L’aventure universitaire s’interrompt quand leur cousin Solal les convie à Genève. Les cinq Valeureux partent alors à travers l’Europe, de Rome à Londres en passant par Paris et Bruxelles. À Londres, Mangeclous abandonne ses compagnons et rédige une longue lettre à la Reine d’Angleterre, mêlant conseils culinaires et demande de poste d’ambassadeur d’un État d’Israël qui n’existe pas encore.
« Les Valeureux » occupe une place singulière dans l’œuvre d’Albert Cohen. Ce texte, initialement partie intégrante de « Belle du Seigneur », se distingue par son ton et sa structure qui tranchent avec la gravité du chef-d’œuvre dont il fut extrait.
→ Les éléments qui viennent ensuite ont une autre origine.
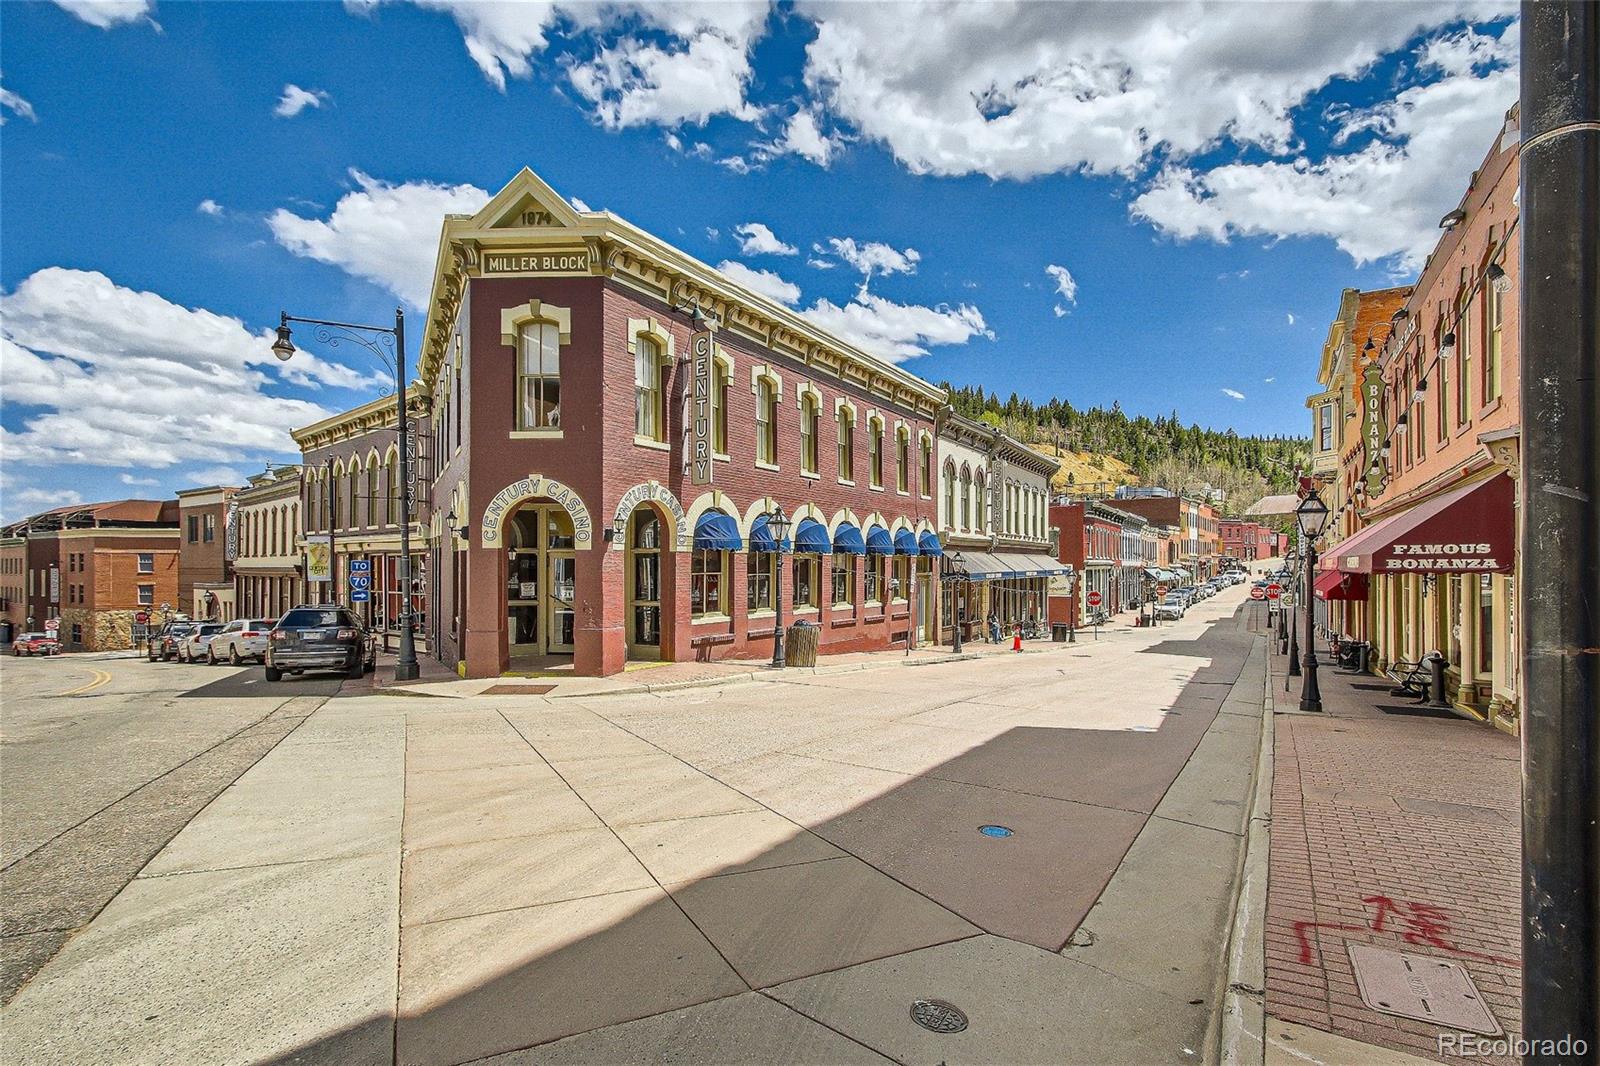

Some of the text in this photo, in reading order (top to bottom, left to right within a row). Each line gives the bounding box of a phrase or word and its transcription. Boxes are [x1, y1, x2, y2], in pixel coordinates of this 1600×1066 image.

[521, 211, 552, 225] 1874
[488, 256, 586, 271] MILLER BLOCK
[695, 337, 709, 480] CENTURY
[1368, 384, 1380, 463] BONANZ
[405, 420, 416, 511] CENTURY
[483, 479, 591, 542] CENTURY CASINO
[614, 485, 659, 543] CNTURY
[1393, 543, 1492, 555] FAMOUS
[353, 562, 368, 570] TO
[1385, 558, 1500, 569] BONANZA
[352, 577, 368, 586] 70
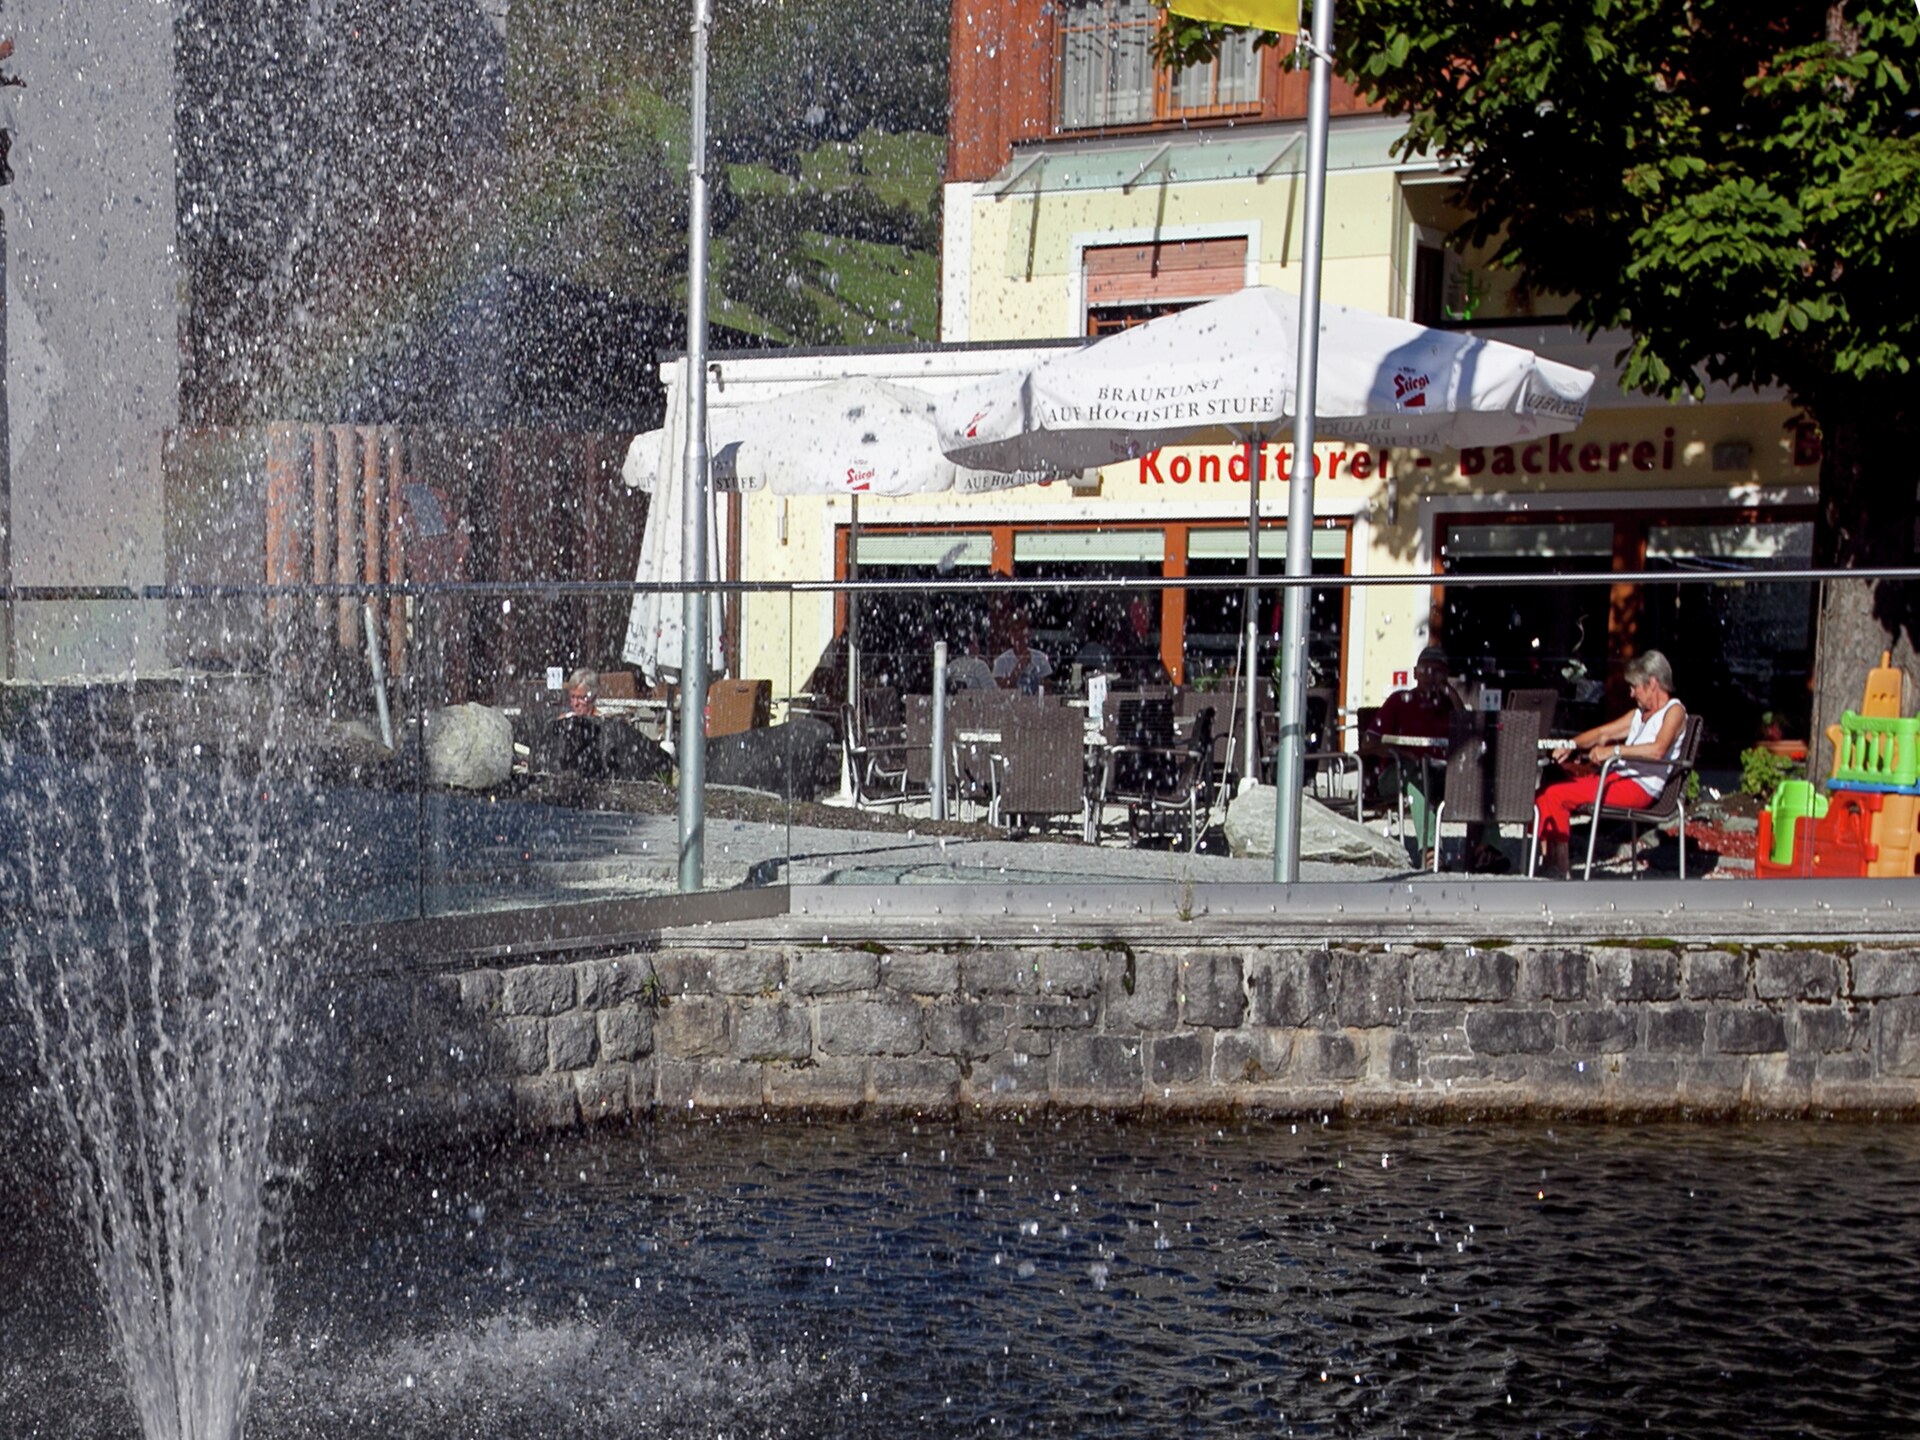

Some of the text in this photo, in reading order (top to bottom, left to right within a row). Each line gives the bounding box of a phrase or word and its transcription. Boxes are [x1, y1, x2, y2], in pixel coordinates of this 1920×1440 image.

Le roman se construit autour d’une tension fondamentale entre le comique et le tragique. Le rire qui émane des aventures des cinq cousins Solal masque à peine l’ombre menaçante du nazisme montant. Cohen dépeint des personnages qui semblent figés hors du temps, porteurs d’une tradition millénaire, alors même que leur monde s’apprête à disparaître. Cette dimension prophétique confère au texte une profondeur bouleversante : les pitreries de Mangeclous et ses compagnons acquièrent une dimension testamentaire.
Le style de Cohen atteint ici une forme d’accomplissement dans le registre comique. Sa prose débordante, marquée par l’accumulation et l’hyperbole, trouve dans les dialogues et monologues des Valeureux un terrain d’expression idéal. L’auteur excelle particulièrement dans les morceaux de bravoure comme le cours sur Anna Karénine ou la lettre à la Reine d’Angleterre, où l’art du délire verbal se déploie magistralement.
Aux éditions FOLIO ; 352 pages.
3. Mangeclous (1938)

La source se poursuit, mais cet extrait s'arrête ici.